[Free-text object descriptions]

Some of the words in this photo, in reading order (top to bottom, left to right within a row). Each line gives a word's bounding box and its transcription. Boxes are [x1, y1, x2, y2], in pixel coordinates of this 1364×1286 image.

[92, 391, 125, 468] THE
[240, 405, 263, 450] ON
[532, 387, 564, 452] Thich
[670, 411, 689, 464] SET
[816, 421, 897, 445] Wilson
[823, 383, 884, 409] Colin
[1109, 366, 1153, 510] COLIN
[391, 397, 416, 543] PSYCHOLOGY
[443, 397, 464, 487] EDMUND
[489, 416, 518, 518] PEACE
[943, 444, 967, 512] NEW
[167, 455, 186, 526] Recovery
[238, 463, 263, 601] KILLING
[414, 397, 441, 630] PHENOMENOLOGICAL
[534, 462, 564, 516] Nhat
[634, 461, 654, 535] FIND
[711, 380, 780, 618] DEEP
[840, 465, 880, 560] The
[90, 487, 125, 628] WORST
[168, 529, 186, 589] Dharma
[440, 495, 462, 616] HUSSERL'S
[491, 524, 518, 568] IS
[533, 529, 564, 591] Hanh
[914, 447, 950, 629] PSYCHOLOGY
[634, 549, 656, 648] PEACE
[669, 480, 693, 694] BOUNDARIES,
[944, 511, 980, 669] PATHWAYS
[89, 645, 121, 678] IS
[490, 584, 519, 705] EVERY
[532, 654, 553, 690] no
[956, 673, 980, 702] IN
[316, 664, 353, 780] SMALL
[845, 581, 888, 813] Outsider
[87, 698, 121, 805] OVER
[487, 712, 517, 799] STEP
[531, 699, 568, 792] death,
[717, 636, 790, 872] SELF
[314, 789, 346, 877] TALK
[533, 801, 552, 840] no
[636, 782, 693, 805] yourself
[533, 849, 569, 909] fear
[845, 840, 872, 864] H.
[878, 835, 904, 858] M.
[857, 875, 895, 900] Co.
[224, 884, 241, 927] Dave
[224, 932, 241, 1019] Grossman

### About this task:
The answer should consist of all the lines above, retyped exactly.

### Task solution:
Some of the words in this photo, in reading order (top to bottom, left to right within a row). Each line gives a word's bounding box and its transcription. Boxes are [x1, y1, x2, y2], in pixel coordinates of this 1364×1286 image.

[92, 391, 125, 468] THE
[240, 405, 263, 450] ON
[532, 387, 564, 452] Thich
[670, 411, 689, 464] SET
[816, 421, 897, 445] Wilson
[823, 383, 884, 409] Colin
[1109, 366, 1153, 510] COLIN
[391, 397, 416, 543] PSYCHOLOGY
[443, 397, 464, 487] EDMUND
[489, 416, 518, 518] PEACE
[943, 444, 967, 512] NEW
[167, 455, 186, 526] Recovery
[238, 463, 263, 601] KILLING
[414, 397, 441, 630] PHENOMENOLOGICAL
[534, 462, 564, 516] Nhat
[634, 461, 654, 535] FIND
[711, 380, 780, 618] DEEP
[840, 465, 880, 560] The
[90, 487, 125, 628] WORST
[168, 529, 186, 589] Dharma
[440, 495, 462, 616] HUSSERL'S
[491, 524, 518, 568] IS
[533, 529, 564, 591] Hanh
[914, 447, 950, 629] PSYCHOLOGY
[634, 549, 656, 648] PEACE
[669, 480, 693, 694] BOUNDARIES,
[944, 511, 980, 669] PATHWAYS
[89, 645, 121, 678] IS
[490, 584, 519, 705] EVERY
[532, 654, 553, 690] no
[956, 673, 980, 702] IN
[316, 664, 353, 780] SMALL
[845, 581, 888, 813] Outsider
[87, 698, 121, 805] OVER
[487, 712, 517, 799] STEP
[531, 699, 568, 792] death,
[717, 636, 790, 872] SELF
[314, 789, 346, 877] TALK
[533, 801, 552, 840] no
[636, 782, 693, 805] yourself
[533, 849, 569, 909] fear
[845, 840, 872, 864] H.
[878, 835, 904, 858] M.
[857, 875, 895, 900] Co.
[224, 884, 241, 927] Dave
[224, 932, 241, 1019] Grossman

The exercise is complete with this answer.